» **Task prompt**
Exact copy, no pictures: restate each entry below word for word.

» **Records contained in a dataset**
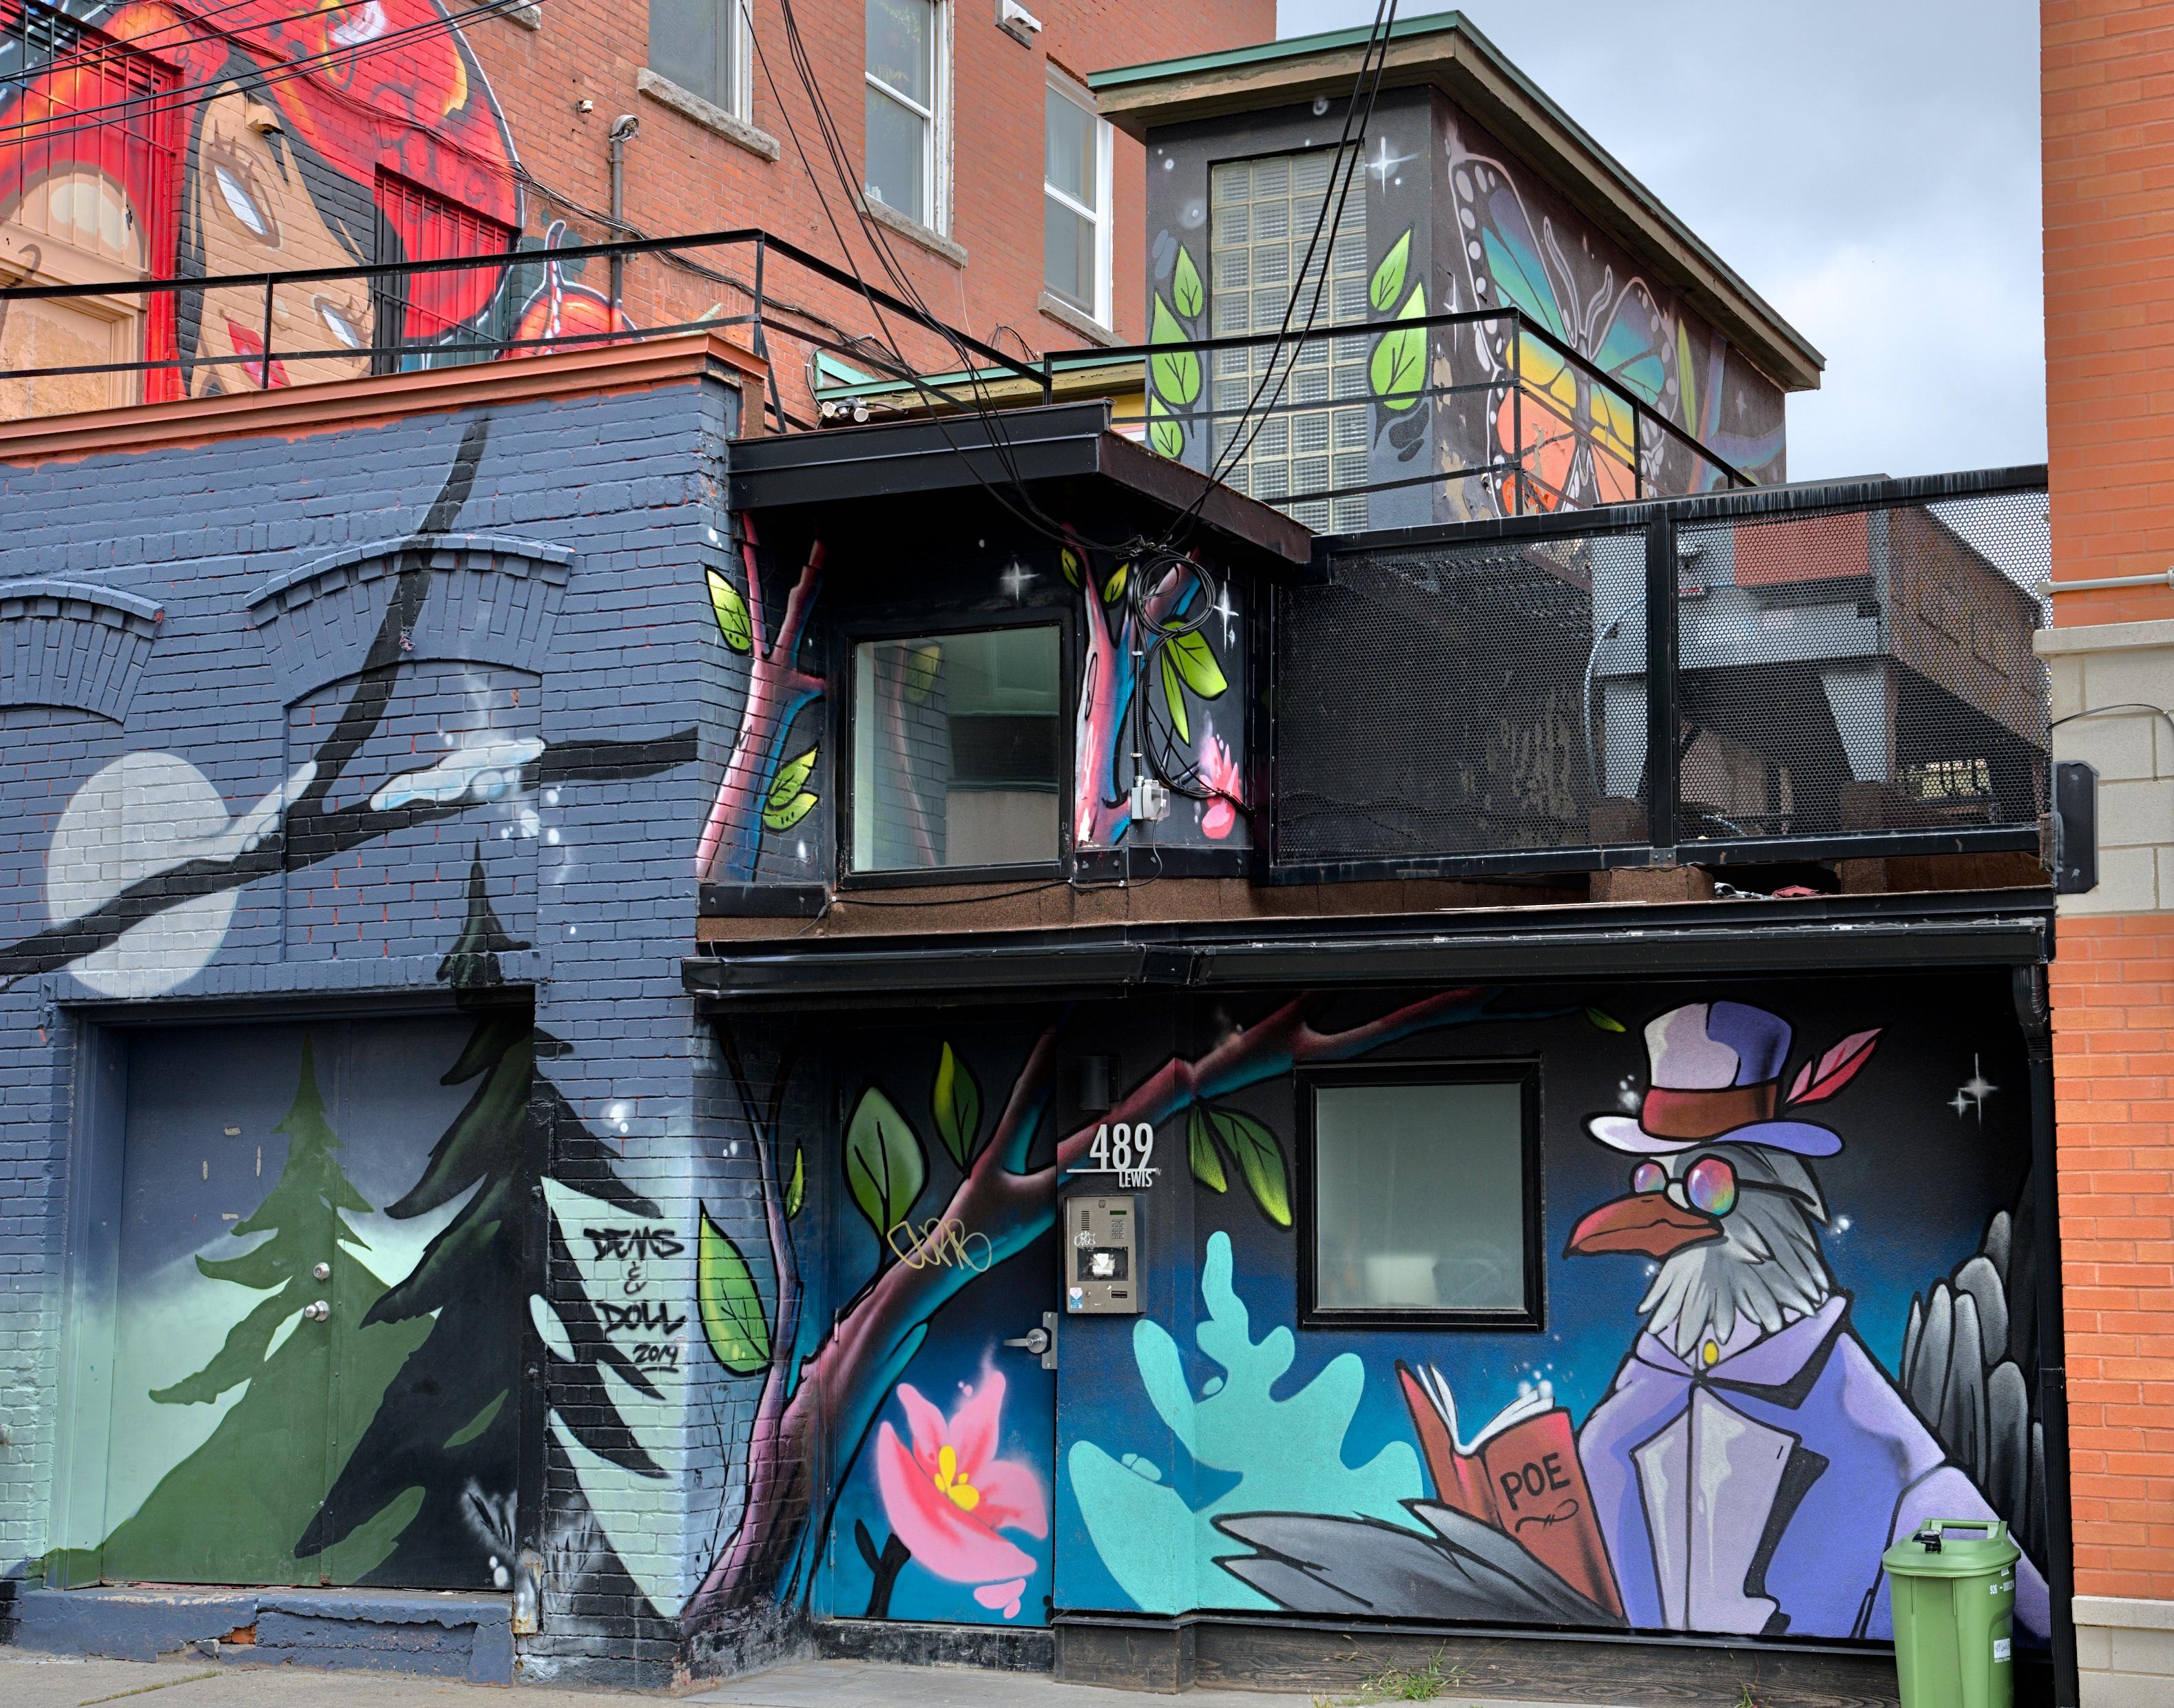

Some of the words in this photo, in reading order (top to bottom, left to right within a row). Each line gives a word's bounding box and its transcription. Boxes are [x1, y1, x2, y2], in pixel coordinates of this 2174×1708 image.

[1089, 1123, 1153, 1170] 489
[1118, 1171, 1153, 1187] LEWIS
[632, 1344, 678, 1366] 2019
[1500, 1452, 1571, 1510] POE

» **Solution**
Some of the words in this photo, in reading order (top to bottom, left to right within a row). Each line gives a word's bounding box and its transcription. Boxes are [x1, y1, x2, y2], in pixel coordinates of this 2174×1708 image.

[1089, 1123, 1153, 1170] 489
[1118, 1171, 1153, 1187] LEWIS
[632, 1344, 678, 1366] 2019
[1500, 1452, 1571, 1510] POE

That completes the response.